> [Work to be completed] Retype every entry precisely and keep each line whole.

> [Extracted material]
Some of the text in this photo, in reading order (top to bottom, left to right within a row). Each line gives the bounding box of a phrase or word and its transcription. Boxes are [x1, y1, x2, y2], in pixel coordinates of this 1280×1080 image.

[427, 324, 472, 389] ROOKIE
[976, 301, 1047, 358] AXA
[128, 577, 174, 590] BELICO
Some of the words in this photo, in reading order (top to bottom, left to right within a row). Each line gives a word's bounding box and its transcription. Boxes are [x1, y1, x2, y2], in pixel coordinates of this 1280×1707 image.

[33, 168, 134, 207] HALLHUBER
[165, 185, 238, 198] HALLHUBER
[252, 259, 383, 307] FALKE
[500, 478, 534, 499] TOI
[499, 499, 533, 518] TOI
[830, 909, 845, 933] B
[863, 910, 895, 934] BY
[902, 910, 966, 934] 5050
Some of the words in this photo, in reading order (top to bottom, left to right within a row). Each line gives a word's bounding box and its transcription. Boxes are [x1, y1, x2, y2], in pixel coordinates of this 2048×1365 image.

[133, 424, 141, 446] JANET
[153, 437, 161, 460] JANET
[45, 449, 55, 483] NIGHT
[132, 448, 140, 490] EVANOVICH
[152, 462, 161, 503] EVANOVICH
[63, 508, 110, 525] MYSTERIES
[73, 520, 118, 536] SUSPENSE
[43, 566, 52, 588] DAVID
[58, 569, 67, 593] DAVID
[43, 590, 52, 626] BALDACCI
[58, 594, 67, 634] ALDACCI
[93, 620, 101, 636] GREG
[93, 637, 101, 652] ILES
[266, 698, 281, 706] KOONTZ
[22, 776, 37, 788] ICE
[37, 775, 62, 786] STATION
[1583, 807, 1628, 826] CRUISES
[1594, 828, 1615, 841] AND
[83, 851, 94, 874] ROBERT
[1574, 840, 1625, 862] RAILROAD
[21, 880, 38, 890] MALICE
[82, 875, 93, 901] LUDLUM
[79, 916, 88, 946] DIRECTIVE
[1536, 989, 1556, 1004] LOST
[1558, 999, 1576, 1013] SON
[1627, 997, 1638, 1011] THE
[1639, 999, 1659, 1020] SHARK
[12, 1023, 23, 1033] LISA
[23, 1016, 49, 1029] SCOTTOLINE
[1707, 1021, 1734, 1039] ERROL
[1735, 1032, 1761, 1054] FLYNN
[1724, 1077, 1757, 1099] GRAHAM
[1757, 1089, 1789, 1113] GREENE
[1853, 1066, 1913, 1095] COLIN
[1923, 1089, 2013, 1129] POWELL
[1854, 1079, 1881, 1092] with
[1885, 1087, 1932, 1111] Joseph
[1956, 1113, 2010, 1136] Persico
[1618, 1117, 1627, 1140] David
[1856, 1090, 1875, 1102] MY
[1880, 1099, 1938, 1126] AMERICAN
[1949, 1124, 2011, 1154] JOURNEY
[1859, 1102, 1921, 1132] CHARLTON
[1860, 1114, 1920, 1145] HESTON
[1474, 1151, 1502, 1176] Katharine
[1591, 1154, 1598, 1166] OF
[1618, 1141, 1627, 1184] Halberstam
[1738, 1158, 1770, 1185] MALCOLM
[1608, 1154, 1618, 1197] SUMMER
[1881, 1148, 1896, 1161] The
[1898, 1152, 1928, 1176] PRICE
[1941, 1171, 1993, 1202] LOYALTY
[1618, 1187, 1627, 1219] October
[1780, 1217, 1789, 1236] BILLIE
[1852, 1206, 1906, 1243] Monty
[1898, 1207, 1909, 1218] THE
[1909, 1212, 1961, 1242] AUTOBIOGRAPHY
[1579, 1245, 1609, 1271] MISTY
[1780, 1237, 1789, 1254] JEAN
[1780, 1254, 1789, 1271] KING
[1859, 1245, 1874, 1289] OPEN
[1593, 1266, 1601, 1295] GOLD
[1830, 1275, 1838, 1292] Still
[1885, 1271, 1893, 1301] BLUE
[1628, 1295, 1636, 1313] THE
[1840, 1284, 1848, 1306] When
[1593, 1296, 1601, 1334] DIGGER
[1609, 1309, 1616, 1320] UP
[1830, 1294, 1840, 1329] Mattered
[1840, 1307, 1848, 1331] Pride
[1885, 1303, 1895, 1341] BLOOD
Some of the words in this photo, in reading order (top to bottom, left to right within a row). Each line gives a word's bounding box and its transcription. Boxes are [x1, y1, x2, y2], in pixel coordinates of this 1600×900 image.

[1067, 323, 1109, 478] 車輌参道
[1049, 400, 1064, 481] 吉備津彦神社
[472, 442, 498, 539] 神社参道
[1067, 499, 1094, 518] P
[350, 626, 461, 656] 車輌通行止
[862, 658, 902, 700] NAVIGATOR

> [Solution]
Some of the text in this photo, in reading order (top to bottom, left to right within a row). Each line gives the bounding box of a phrase or word and its transcription. Boxes are [x1, y1, x2, y2], in pixel coordinates of this 1280×1080 image.

[427, 324, 472, 389] ROOKIE
[976, 301, 1047, 358] AXA
[128, 577, 174, 590] BELICO
Some of the words in this photo, in reading order (top to bottom, left to right within a row). Each line gives a word's bounding box and its transcription. Boxes are [x1, y1, x2, y2], in pixel coordinates of this 1280×1707 image.

[33, 168, 134, 207] HALLHUBER
[165, 185, 238, 198] HALLHUBER
[252, 259, 383, 307] FALKE
[500, 478, 534, 499] TOI
[499, 499, 533, 518] TOI
[830, 909, 845, 933] B
[863, 910, 895, 934] BY
[902, 910, 966, 934] 5050
Some of the words in this photo, in reading order (top to bottom, left to right within a row). Each line gives a word's bounding box and its transcription. Boxes are [x1, y1, x2, y2], in pixel coordinates of this 2048×1365 image.

[133, 424, 141, 446] JANET
[153, 437, 161, 460] JANET
[45, 449, 55, 483] NIGHT
[132, 448, 140, 490] EVANOVICH
[152, 462, 161, 503] EVANOVICH
[63, 508, 110, 525] MYSTERIES
[73, 520, 118, 536] SUSPENSE
[43, 566, 52, 588] DAVID
[58, 569, 67, 593] DAVID
[43, 590, 52, 626] BALDACCI
[58, 594, 67, 634] ALDACCI
[93, 620, 101, 636] GREG
[93, 637, 101, 652] ILES
[266, 698, 281, 706] KOONTZ
[22, 776, 37, 788] ICE
[37, 775, 62, 786] STATION
[1583, 807, 1628, 826] CRUISES
[1594, 828, 1615, 841] AND
[83, 851, 94, 874] ROBERT
[1574, 840, 1625, 862] RAILROAD
[21, 880, 38, 890] MALICE
[82, 875, 93, 901] LUDLUM
[79, 916, 88, 946] DIRECTIVE
[1536, 989, 1556, 1004] LOST
[1558, 999, 1576, 1013] SON
[1627, 997, 1638, 1011] THE
[1639, 999, 1659, 1020] SHARK
[12, 1023, 23, 1033] LISA
[23, 1016, 49, 1029] SCOTTOLINE
[1707, 1021, 1734, 1039] ERROL
[1735, 1032, 1761, 1054] FLYNN
[1724, 1077, 1757, 1099] GRAHAM
[1757, 1089, 1789, 1113] GREENE
[1853, 1066, 1913, 1095] COLIN
[1923, 1089, 2013, 1129] POWELL
[1854, 1079, 1881, 1092] with
[1885, 1087, 1932, 1111] Joseph
[1956, 1113, 2010, 1136] Persico
[1618, 1117, 1627, 1140] David
[1856, 1090, 1875, 1102] MY
[1880, 1099, 1938, 1126] AMERICAN
[1949, 1124, 2011, 1154] JOURNEY
[1859, 1102, 1921, 1132] CHARLTON
[1860, 1114, 1920, 1145] HESTON
[1474, 1151, 1502, 1176] Katharine
[1591, 1154, 1598, 1166] OF
[1618, 1141, 1627, 1184] Halberstam
[1738, 1158, 1770, 1185] MALCOLM
[1608, 1154, 1618, 1197] SUMMER
[1881, 1148, 1896, 1161] The
[1898, 1152, 1928, 1176] PRICE
[1941, 1171, 1993, 1202] LOYALTY
[1618, 1187, 1627, 1219] October
[1780, 1217, 1789, 1236] BILLIE
[1852, 1206, 1906, 1243] Monty
[1898, 1207, 1909, 1218] THE
[1909, 1212, 1961, 1242] AUTOBIOGRAPHY
[1579, 1245, 1609, 1271] MISTY
[1780, 1237, 1789, 1254] JEAN
[1780, 1254, 1789, 1271] KING
[1859, 1245, 1874, 1289] OPEN
[1593, 1266, 1601, 1295] GOLD
[1830, 1275, 1838, 1292] Still
[1885, 1271, 1893, 1301] BLUE
[1628, 1295, 1636, 1313] THE
[1840, 1284, 1848, 1306] When
[1593, 1296, 1601, 1334] DIGGER
[1609, 1309, 1616, 1320] UP
[1830, 1294, 1840, 1329] Mattered
[1840, 1307, 1848, 1331] Pride
[1885, 1303, 1895, 1341] BLOOD
Some of the words in this photo, in reading order (top to bottom, left to right within a row). Each line gives a word's bounding box and its transcription. Boxes are [x1, y1, x2, y2], in pixel coordinates of this 1600×900 image.

[1067, 323, 1109, 478] 車輌参道
[1049, 400, 1064, 481] 吉備津彦神社
[472, 442, 498, 539] 神社参道
[1067, 499, 1094, 518] P
[350, 626, 461, 656] 車輌通行止
[862, 658, 902, 700] NAVIGATOR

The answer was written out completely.